Transpulmonary thermodilution is a technique for hemodynamic monitoring of critically ill patients that has gained great interest in recent years. It measures cardiac output (CO), stroke volume (SV), but also calculates variables related with volume status, cardiac contractility, dynamic predictors of volume response, and extravascular lung water (ELWI) [1,2,3,4,5].
One of the hemodynamic variables that it measures is the global end diastolic indexed volume (GEDVI), which provides the volume of the 4 cardiac chambers and large intrathoracic vessels during diastole. It is a static variable of cardiac preload [5,6,7,8,9,10].
Another calculated variable is the global ejection fraction (GEF). It provides information regarding cardiac function. GEF reflects the relationship between SV and the volume of the 4 cardiac chambers and large intrathoracic vessels. It assumes that the overall end-diastolic volume (GEDV) is equal to GEDV /4. This is an approximation since the volume of each of the cardiac chambers is different.

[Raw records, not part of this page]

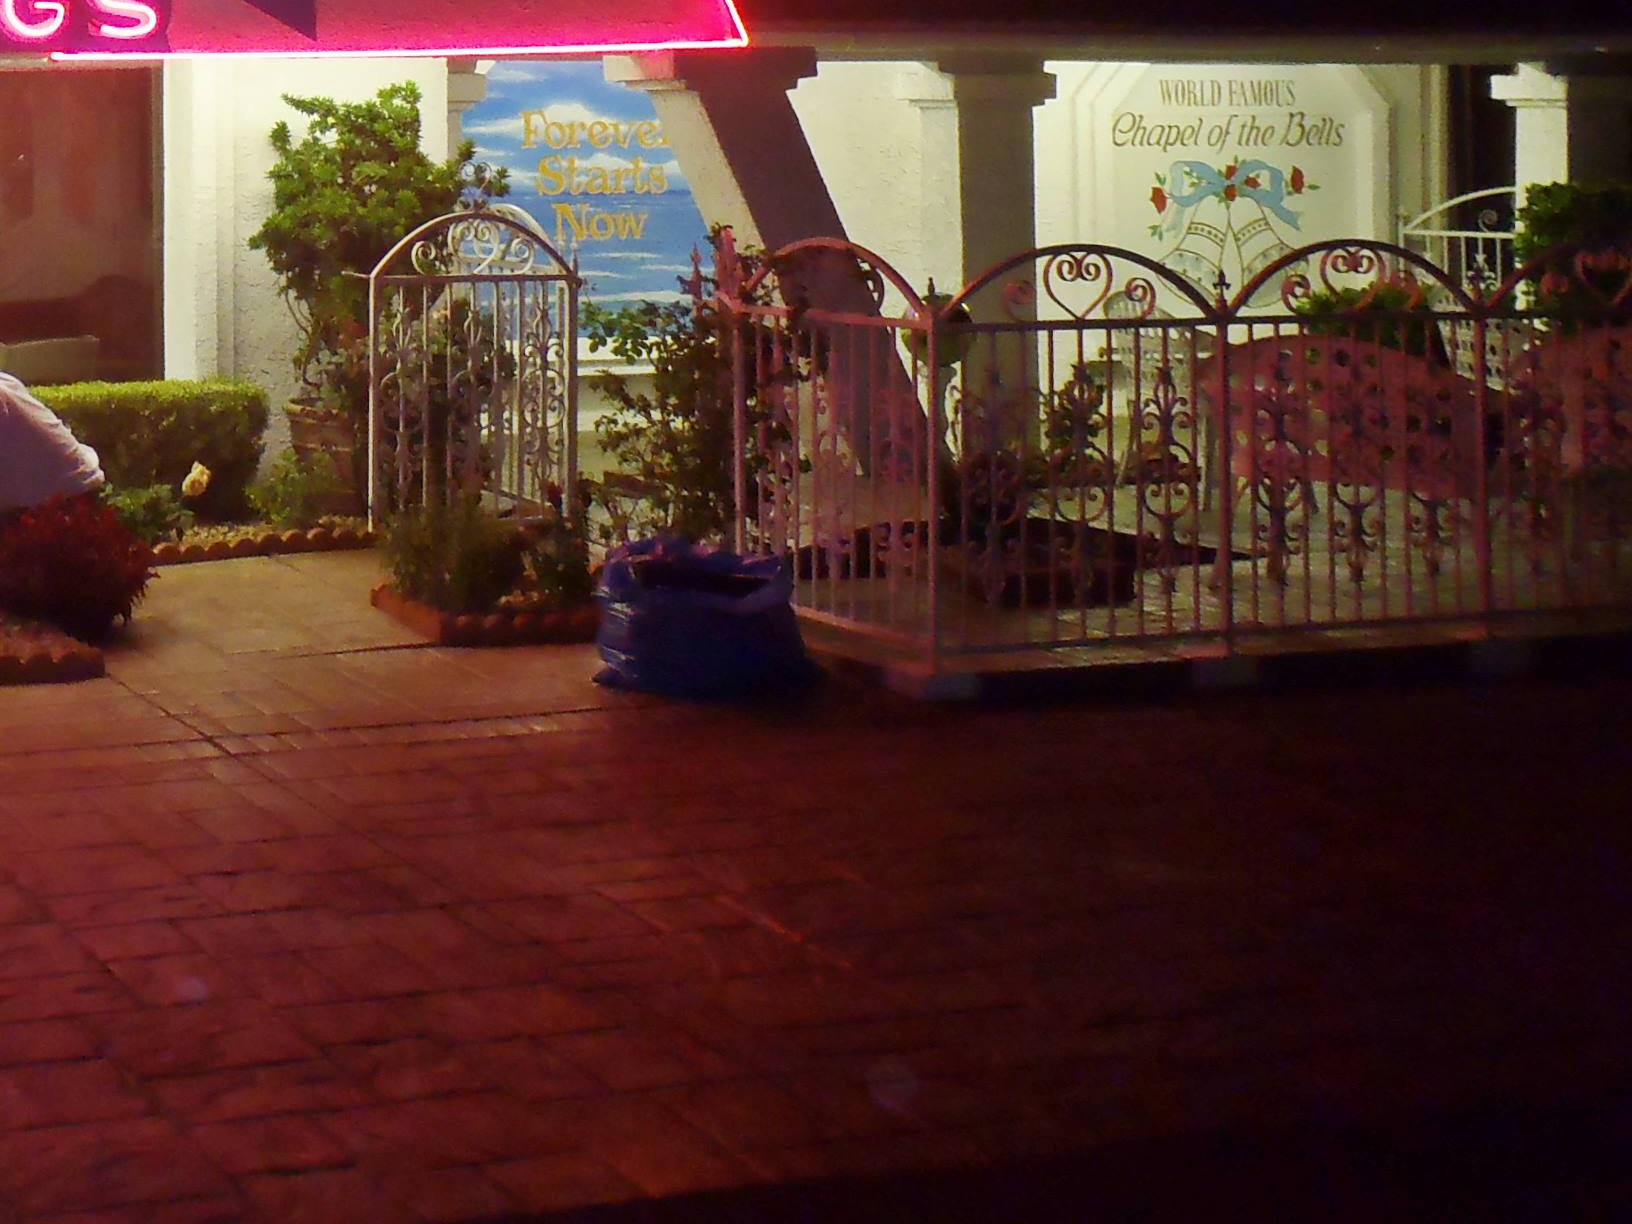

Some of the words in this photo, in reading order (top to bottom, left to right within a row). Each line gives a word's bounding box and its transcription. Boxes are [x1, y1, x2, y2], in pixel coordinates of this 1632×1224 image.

[1159, 79, 1222, 107] WORLD
[1228, 79, 1296, 107] FAMOUS
[1112, 111, 1204, 153] Chapel
[1207, 114, 1239, 154] of
[1237, 115, 1275, 147] the
[1279, 111, 1345, 147] Bells
[535, 153, 669, 196] Starts
[552, 202, 649, 242] Now

It has been described that impaired GEF values have good correlation with LV ejection fractions below 40 - 30%. Also has been described that GEF adequately track directional changes in ejection fraction when inotropic drugs are being used [11–16,19].
GEF and GEDVI calculations are performed simultaneously from the same CO measurement. The formula that calculates GEDV includes the CO, and the calculation of the GEF includes the SV, therefore there could be a mathematical coupling between both [18].

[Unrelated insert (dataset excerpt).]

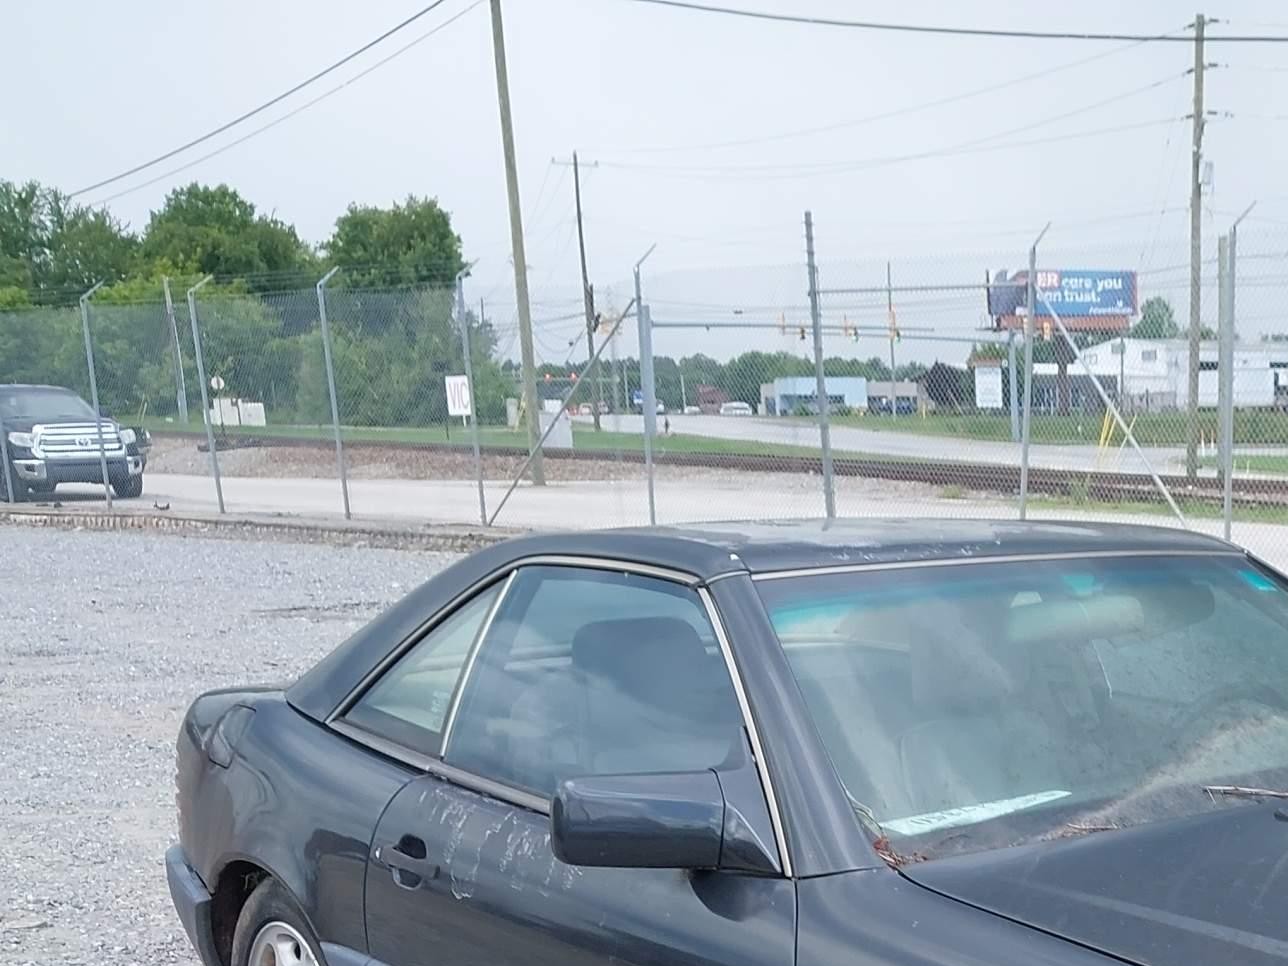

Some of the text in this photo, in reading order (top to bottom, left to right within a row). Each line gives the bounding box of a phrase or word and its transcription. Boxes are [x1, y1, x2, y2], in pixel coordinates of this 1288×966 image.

[1061, 278, 1092, 289] care
[1096, 278, 1123, 292] you
[1064, 289, 1101, 302] trust.

The aim of our work was to evaluate whether impairment in GEDVI and SV may constitute a limitation for the interpretation of GEF in hypovolemic patients. A secondary objective was to determine factors independently associated with impaired GEF.

2. Materials and Methods

A retrospective study was conducted on a database of patients with shock who received hemodynamic monitoring with transpulmonary thermodilution by means of VolumeView/EV1000™ system (Edwards Lifesciences, Irvine CA, USA) from 2016 to 2023 in a 24-bed medical-surgical intensive care unit (UCI) in Argentina.
The following variables were recorded: sex, age, comorbidities, APACHE II and SOFA scores during the first 24 hours of hospitalization, shock etiology, ICU length of stay, mortality, mean arterial pressure (MAP), heart rate (HR), cardiac index (CI), stroke volume (SV), indexed global end-diastolic volume (GEDVI), indexed systemic vascular resistance (IRVSi) and extravascular lung water (ELWI). Hemodynamic variables were recorded during the first measurement of transpulmonary thermodilution.

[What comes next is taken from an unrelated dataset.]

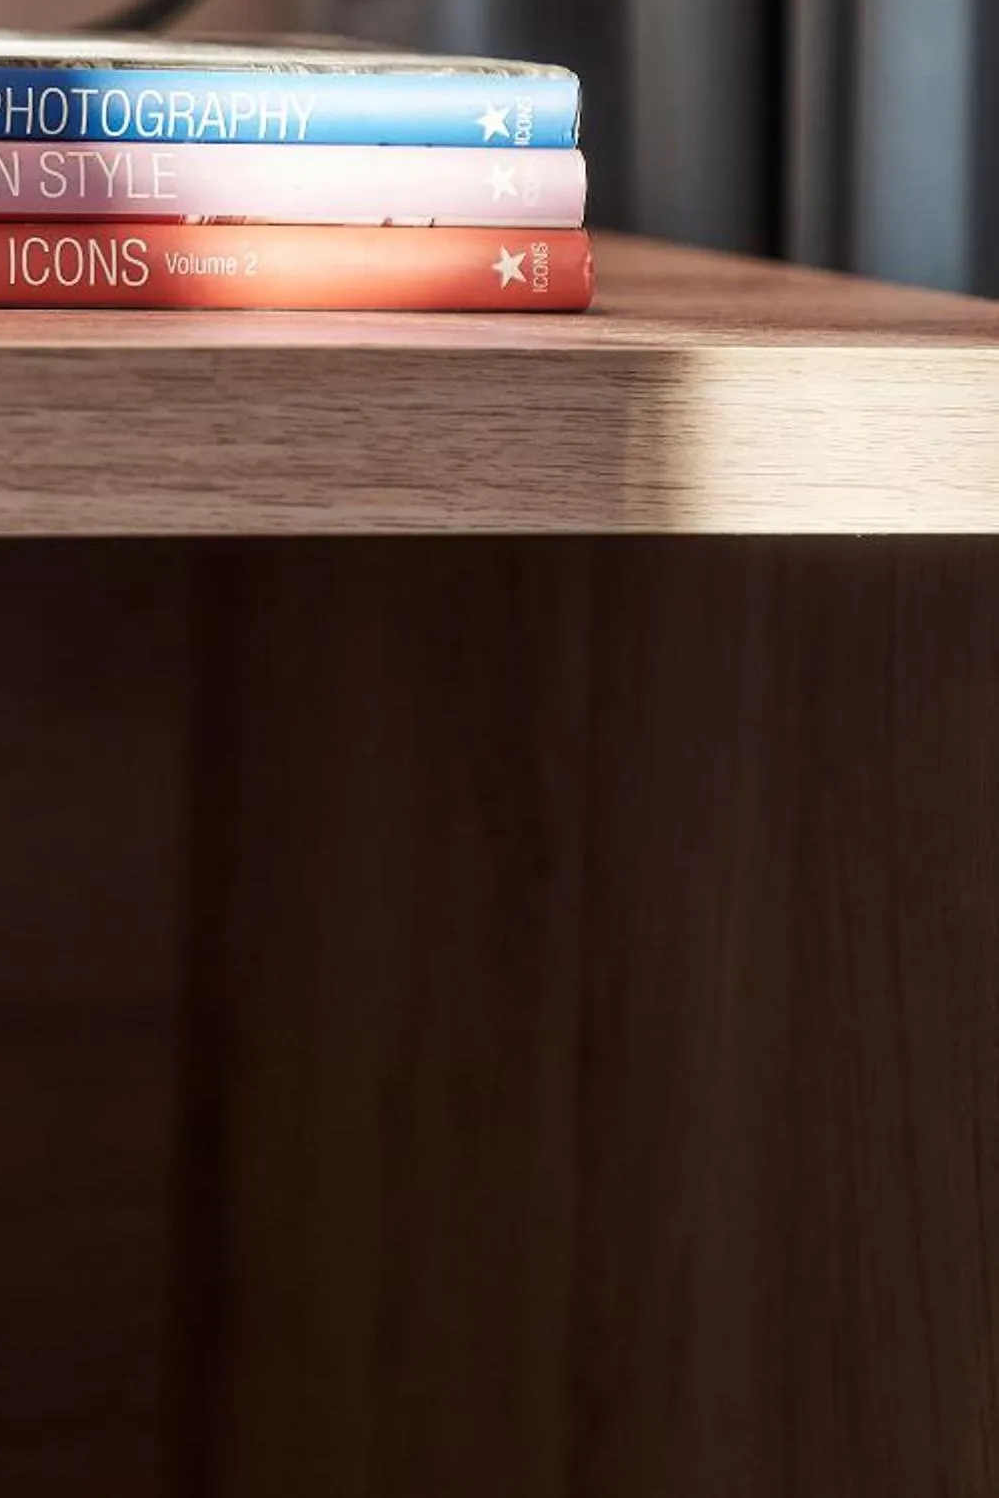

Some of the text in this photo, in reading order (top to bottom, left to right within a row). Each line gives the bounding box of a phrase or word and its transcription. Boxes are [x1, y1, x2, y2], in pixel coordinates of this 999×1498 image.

Shock was defined as the need of norepinephrine infusion to keep at least TAM of 65 mmHg plus at least 1 sign of tissue hypoperfusion. We defined hypovolemia as SV values less than 60 mL and GEDVI less than 680 mL/m2. Patients were classified according to GEF, GEDVI, and SV values.
To determine correlation between GEF with SV, or GEF with GEDVI Pearson's coefficient was used.
Statistical analysis was performed by means of Mann Whitney test for continuous variables of abnormal distribution and student t test for continuous variables of normal distribution. For categorical variables, Pearson's Chi² test was used. To determine factors independently associated with the presence of impaired GEF, binary logistic regression was performed. We included all variables with a p< value of 0.10 in the univariate analysis and those that were physiologically relevant.

3. Results

We included 113 patients with shock who received hemodynamic monitoring by transpulmonary thermodilution. The most frequent cause of shock that triggered the placement of transpulmonary thermodilution monitoring was sepsis (63%). There were no statistically significant differences in the severity or epidemiological characteristics of the patients. (Table 1).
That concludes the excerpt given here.